La CGIA divide le assenza per malattia in base alla durata:
Come si vede metà delle assenze è entro i 3 giorni. E’ chiaro che sono le assenze di un giorno solo quelle su cui puntare gli occhi maggiormente.
Secondo il centro studi della Fimmg, la Federazione italiana dei medici di medicina generale, nel settore privato i certificati di un giorno sono 1 milione e 56 mila, mentre nella pubblica amministrazione sono 1 mln 252 mila.
Secondo Aimpaf, l’Associazione italiana medicina previdenziale, assistenziale e fiscale, solo nel 2013, il numero complessivo dei certificati di malattia nel settore pubblico è aumentato del 9% nel pubblico impiego mentre è rimasto praticamente invariato nel settore privato
Sono dati che fanno riflettere, e che assieme agli altri della CGIA di Mestre rivelano quanto sia la quantità di assenze non giustificate.
Questi dati sono le disomogeneità tra giorni della settimana e regioni italiane, non certo giustificabili da motivi sanitari. Così vediamo, come era emerso al momento dello sciopero della CGIL a ridosso del weekend, l’anomalo numero di certificati di malattie il lunedì:
E’ però da sottlineare che il venerdì non vi sia invece un analogo aumento.
Qui invece i dati per regioni, con un dato abnorme per la Calabria e in generale sopra la media per il sud.
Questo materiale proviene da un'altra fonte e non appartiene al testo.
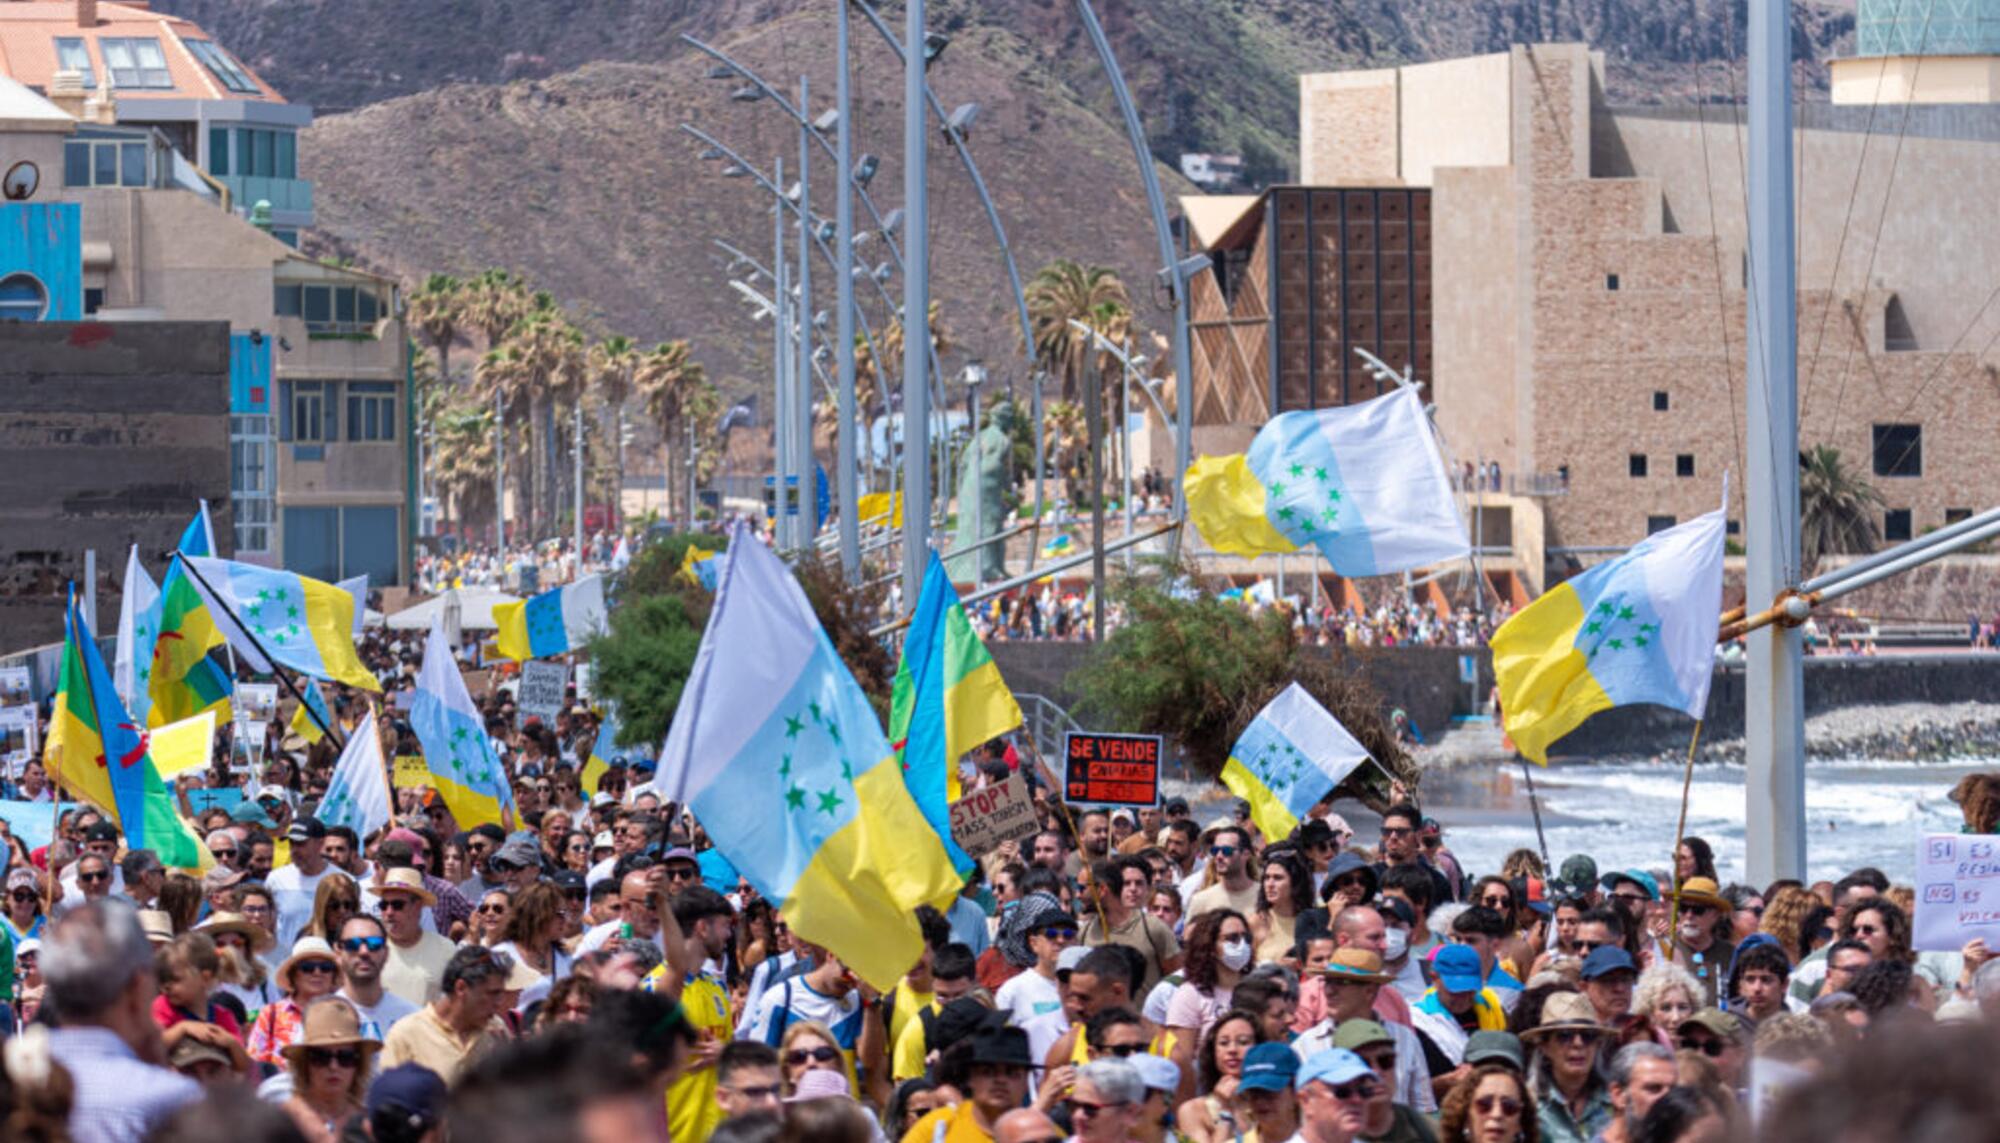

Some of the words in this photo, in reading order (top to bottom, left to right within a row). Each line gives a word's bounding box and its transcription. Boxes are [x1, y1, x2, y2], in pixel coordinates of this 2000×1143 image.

[1070, 738, 1093, 758] SE
[1098, 739, 1156, 761] VENDE
[951, 817, 988, 841] MASS
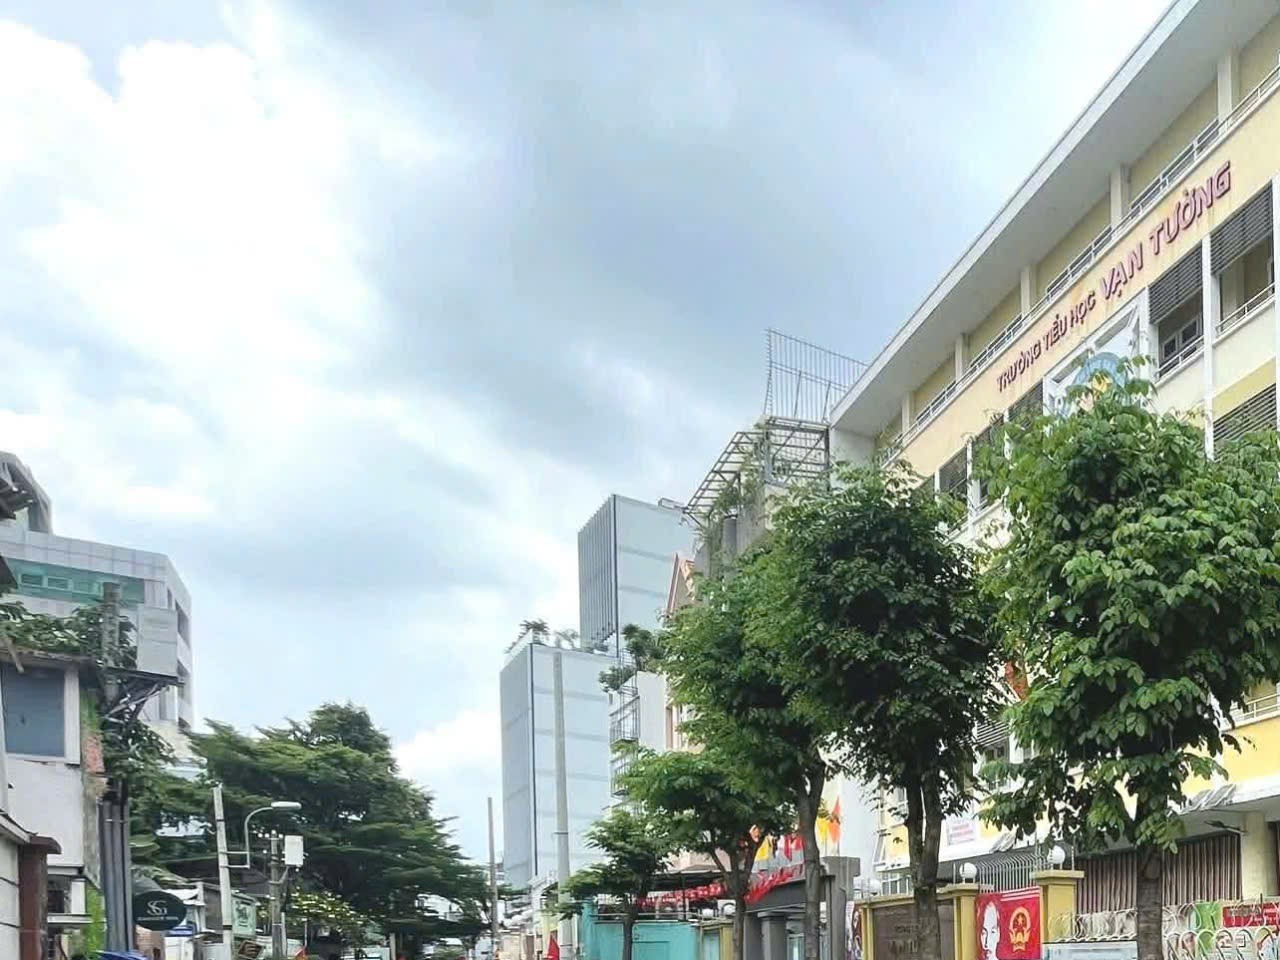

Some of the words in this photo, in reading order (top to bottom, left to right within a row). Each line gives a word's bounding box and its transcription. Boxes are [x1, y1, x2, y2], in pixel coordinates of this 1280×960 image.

[1043, 313, 1068, 351] TIỂU
[1070, 290, 1097, 327] HỌC
[1101, 243, 1144, 298] VẠN
[1149, 160, 1231, 256] TƯỜNG
Questa panoramica, per quanto incompleta, se associata con le performances economiche di Paesi come Germania e Inghilterra o degli USA, tutte migliori della nostra, ci mostra che più della normativa relativa alla malattia per i lavoratori, in realtà diversa da Paese a Paese, e spesso molto generosa, ancora una volta sono due le determinanti dell’efficienza anche in questo campo:
– Etica
– Produttività
Se la Germania può permettersi, come altri Paesi del Nord Europa, una legislazione generosa sulla copertura della malattia, è perchè la maggiore produttività della propria economia e dei propri lavoratori, i maggiori margini, permettono assenze come stipendi maggiori, e allo stesso tempo un’etica che noi non conosciamo responsabilizza il lavoratore verso la propria azienda ed i colleghi.
Saranno benvenute riforme sulla malattia, più controlli e giri di vite, ma come la storia economica secolare insegna, più che le grida manzoniane saranno necessarie svolte in quei due fattori, tra essi profondamente legati.